Pero además, Erich Fromm, ilustre sicoanalista contemporáneo -citado, por cierto, en la Sentencia aprobada por la mayoría-, también explica, desde otra perspectiva, cómo la libertad es perfeccionante, y censura el falso ideal de libertad que lleva consigo la facultad de destruirnos, individual o colectivamente. "Sabemos -dice Fromm- que la pobreza, la intimidación, el aislamiento, están dirigidos contra la vida: que todo lo que sirve a la libertad y desarrolle el valor y la fuerza para ser uno mismo es algo en favor de la vida. Lo que es bueno o malo para el hombre no constituye una cuestión metafísica, sino empírica, y puede ser resuelta analizando la naturaleza del hombre y el efecto que ciertas condiciones ejercen sobre él". (4) Vemos, pues, cómo el famoso científico coincide con los clásicos en el sentido de no reconocer una supuesta libertad que niegue los valores humanos.
Fromm explica: "El fenómeno del masoquismo nos muestra que las personas pueden sentirse impulsadas a experimentar el sufrimiento o la sumisión. No hay duda de que tanto éstos como el suicidio constituyen la antítesis de los objetivos positivos de la vida (...). Tal atracción hacia lo que es más perjudicial para la vida es el fenómeno que me parece con más derecho que todos los demás al nombre de perversión patológica. Muchos psicólogos han supuesto que la experiencia del placer y el rechazo del dolor representan el único principio legítimo que guía la acción humana: pero la psicología dinámica puede demostrar que la experiencia subjetiva del placer no constituye un criterio suficiente para valorar, en función de la felicidad humana, ciertas formas de conducta. Un ejemplo de esto es el fenómeno masoquista. Su análisis muestra que la sensación de placer puede ser el resultado de una perversión patológica, y también que representa una prueba tan poco decisiva con respecto al significado objetivo de la experiencia, como el gusto dulce de un veneno para su efecto sobre el organismo.

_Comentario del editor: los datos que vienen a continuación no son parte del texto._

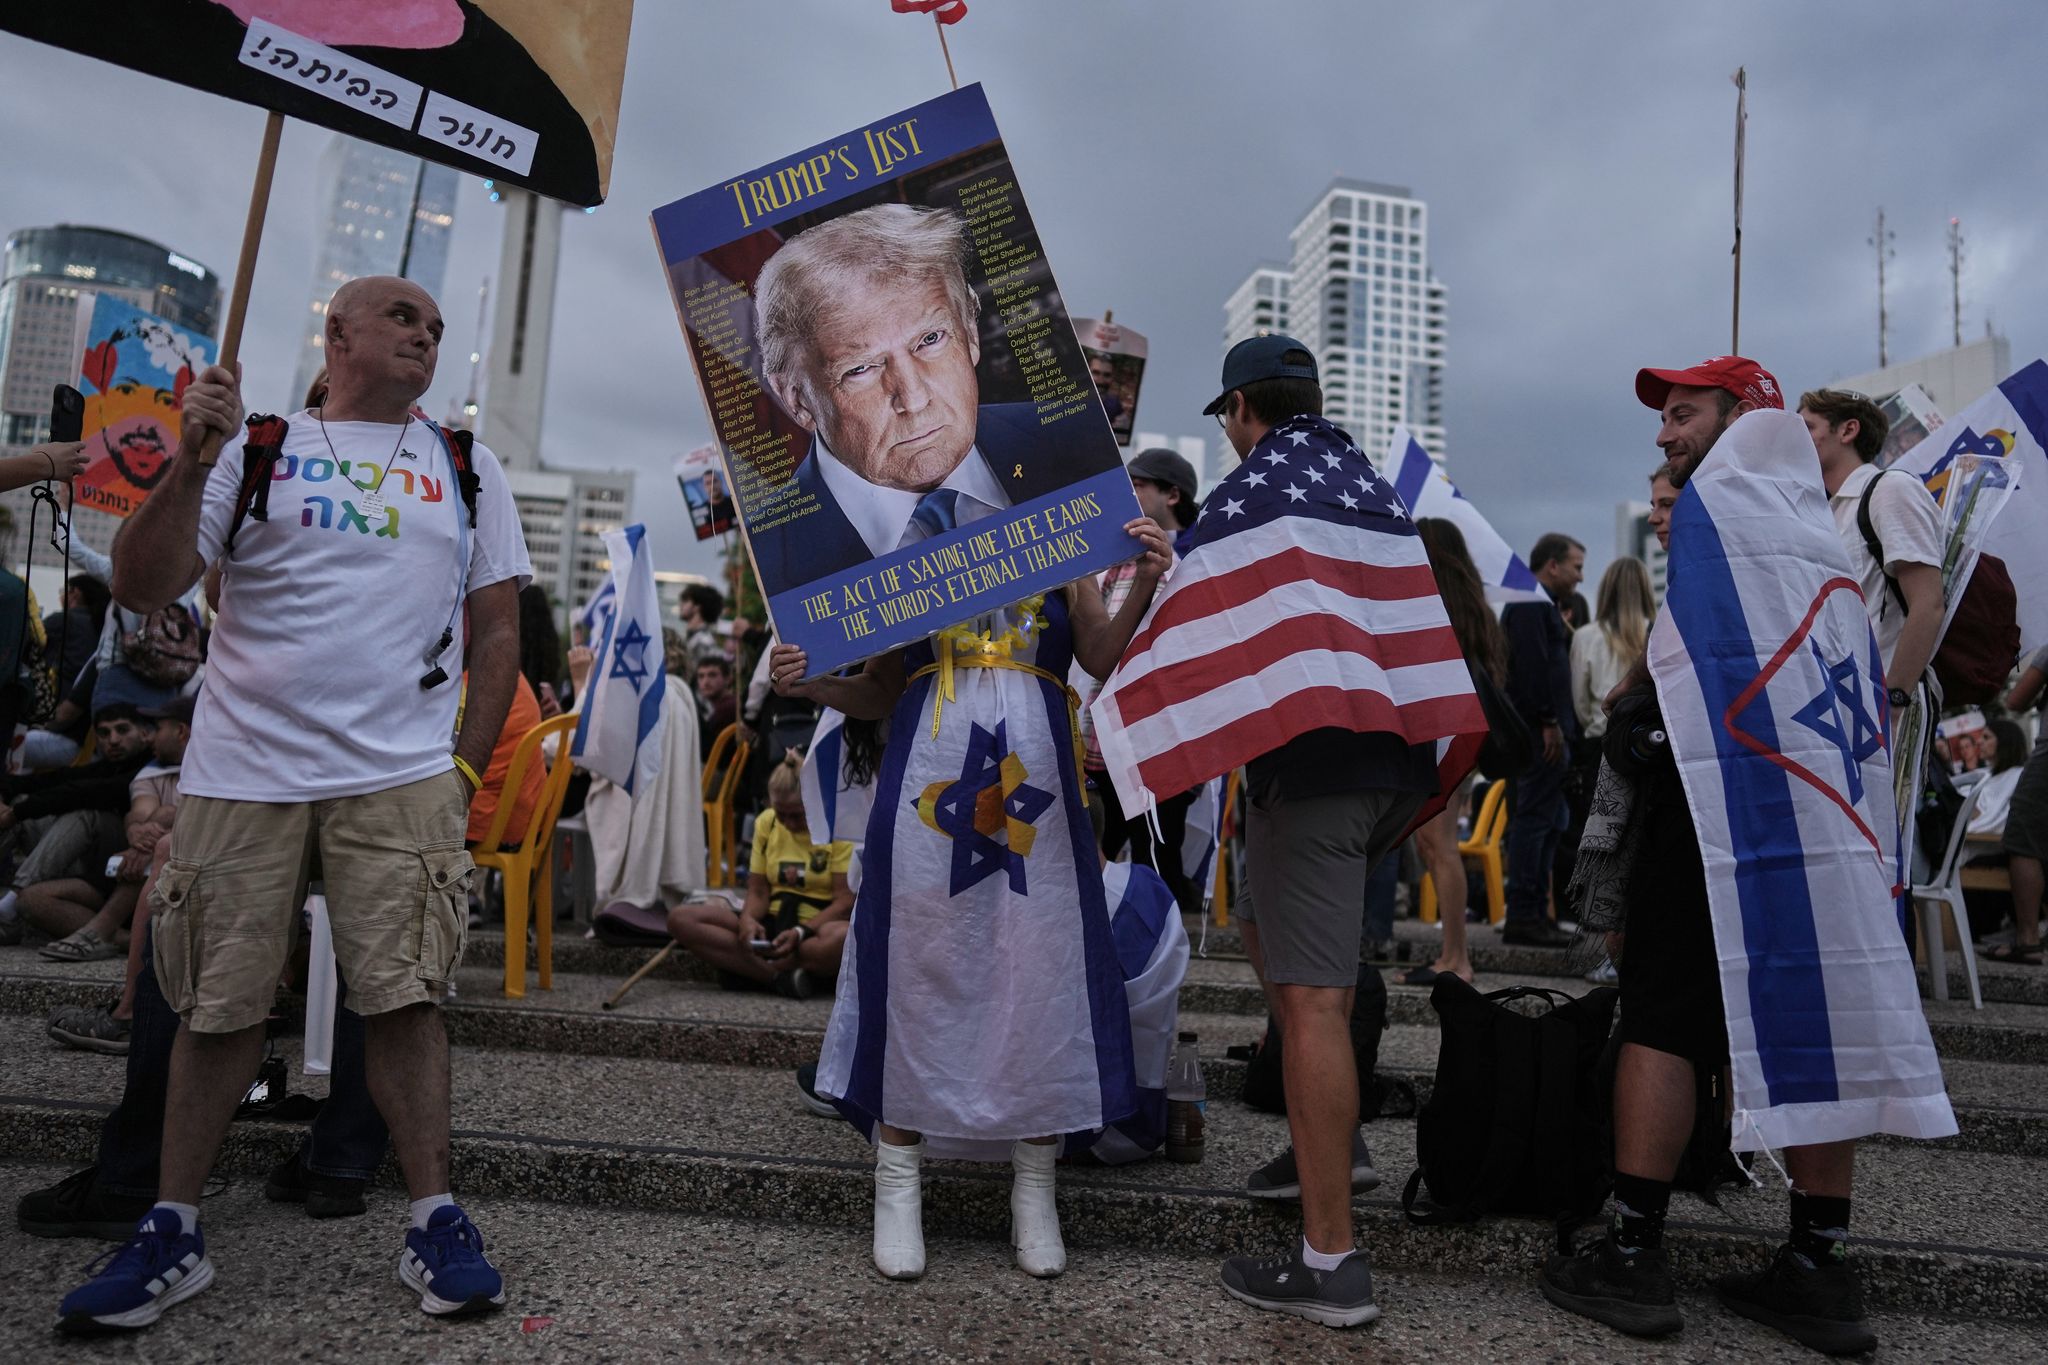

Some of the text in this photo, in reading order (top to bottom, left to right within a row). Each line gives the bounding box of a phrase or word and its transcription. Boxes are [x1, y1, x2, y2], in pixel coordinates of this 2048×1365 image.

[250, 37, 516, 160] חוזר הביתה!
[724, 119, 923, 228] TRUMP'S LIST
[958, 177, 997, 196] David Kunio
[987, 182, 1013, 196] Margalit
[989, 205, 1012, 218] Baruch
[976, 237, 989, 246] Guy
[978, 248, 988, 256] Tal
[981, 243, 1025, 265] Yossi Sharabi
[985, 251, 1037, 276] Manny Goddard
[988, 267, 1029, 286] Daniel Perez
[1006, 279, 1024, 291] Chen
[996, 286, 1039, 306] Hadar Goldin
[1000, 300, 1032, 316] Oz Daniel
[697, 318, 733, 337] Ziv Berman
[1003, 317, 1017, 327] Lior
[712, 328, 736, 342] Berman
[734, 337, 742, 345] Or
[1007, 327, 1025, 338] Omer
[1028, 328, 1051, 341] Baruch
[1015, 341, 1040, 356] Dror Or
[704, 357, 715, 368] Bar
[1019, 356, 1033, 365] Ran
[1022, 357, 1057, 375] Tamir Adar
[710, 377, 727, 388] Tamir
[1027, 366, 1061, 384] Eitan Levy
[1048, 375, 1067, 386] Kunio
[714, 385, 734, 398] Matan
[716, 387, 761, 408] Nimrod Cohen
[1034, 382, 1076, 403] Ronen Engel
[737, 402, 752, 413] Horn
[1037, 389, 1089, 414] Amiram Cooper
[723, 412, 754, 429] Alon Ohel
[1041, 412, 1063, 425] Maxim
[726, 428, 742, 440] Eitan
[729, 430, 771, 452] Eviatar David
[752, 433, 792, 453] Zalmanovich
[737, 456, 795, 483] Elkana Boochboot
[740, 469, 792, 493] Rom Breslavsky
[82, 485, 128, 511] בוחבוט
[743, 491, 764, 503] Matan
[746, 488, 800, 513] Guy Gilboa Dalal
[749, 493, 815, 523] Yosef Chaim Ochana
[301, 496, 400, 539] גאה
[752, 513, 790, 534] Muhammad
[801, 493, 1102, 624] THE ACT OF SAVING ONE LIFE EARNS
[838, 610, 875, 641] THE
[948, 558, 1024, 603] ETERNAL
[1022, 530, 1089, 573] THANKS

Llegamos así a definir como ideal verdadero todo propósito que favorezca el desarrollo, la libertad y la felicidad del yo, considerándose, en cambio, ficticios aquellos fines compulsivos e irracionales que, si bien subjetivamente representan experiencias atrayentes, en realidad resultan perjudiciales para la vida". 5
En otras palabras, hay que pasar de la ilusión de libertad, que se basa en la subjetividad absoluta, a la vivencia real dentro de la libertad, que comporta un límite ético necesario para coordinar los distintos y legítimos intereses vitales, dentro de un margen de respeto, tolerancia y apoyo mutuo. Se trata de una proclamación de la singularidad de cada uno, sin entorpecer ni el desarrollo vital propio ni el de los demás.

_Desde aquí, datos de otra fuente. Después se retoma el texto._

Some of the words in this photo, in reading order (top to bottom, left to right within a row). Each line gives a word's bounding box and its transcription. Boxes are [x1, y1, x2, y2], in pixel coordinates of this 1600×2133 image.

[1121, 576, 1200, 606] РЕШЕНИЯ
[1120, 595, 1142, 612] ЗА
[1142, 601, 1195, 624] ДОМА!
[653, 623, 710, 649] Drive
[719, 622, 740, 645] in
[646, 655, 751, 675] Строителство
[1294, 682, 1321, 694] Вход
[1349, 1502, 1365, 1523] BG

El libre desarrollo de la personalidad debe pues consistir en un acto de racionalidad y no de barbarie. La actividad de la razón humana determina la expresión de la personalidad: la vida moral exige la creatividad propia de la persona, origen y causa de sus actos deliberados. La razón encuentra su fundamento en el orden a la perfección, al crecimiento ontológico de la persona: ésta es llamada a ser cada vez más. El libre desarrollo de la personalidad se basa, entonces, en el principio de una justa autonomía del hombre, como sujeto personal de sus actos. En virtud de la razón natural, que es expresión de sabiduría, la razón humana es la suprema ley del hombre. La razón no es otra cosa que la regla y medida de los actos humanos, de suerte que hace que el hombre sea libre, y en aras de la libertad, responsable. La autonomía de la razón práctica significa que el hombre en sí mismo posea la propia ley de prudencia para la praxis. La autonomía racional propia del hombre, por lo anterior, no implica el rechazo del orden moral, sino todo lo contrario: la compenetración de la plena racionalidad en los fines perfeccionantes a que está llamado el hombre. De ahí que, por medio de la libertad, el ser humano es un animal moral, como lo llamara Santo Tomás de Aquino, aludiendo al zoon politicón
aristotélico.
La dignidad humana exige pues el respeto y promoción incondicionales de la vida corporal; por tanto, la dignidad humana se opone a esa concepción que, en aras del placer inmediato, impide la realización personal, por anular de forma irreversible tanto el entendimiento como la voluntad, es decir, torna al hombre en esclavo del vicio, como ocurre en el caso patético de la droga. No puede afirmarse que el uso de la droga pueda ser algo opcional, porque no hay una indeterminación de los efectos, sino todo lo contrario: conduce a la privación de un bien -la salud, tanto física como mental- de manera a menudo irreversible y siempre progresiva. La producción de estupefacientes es, a todas luces, un crimen actual -y no potencial- contra la humanidad, y tolerar el consumo de la causa de un mal, es legitimar sus efectos nocivos. En otras palabras, es legalizar lo que es de por sí no legitimable.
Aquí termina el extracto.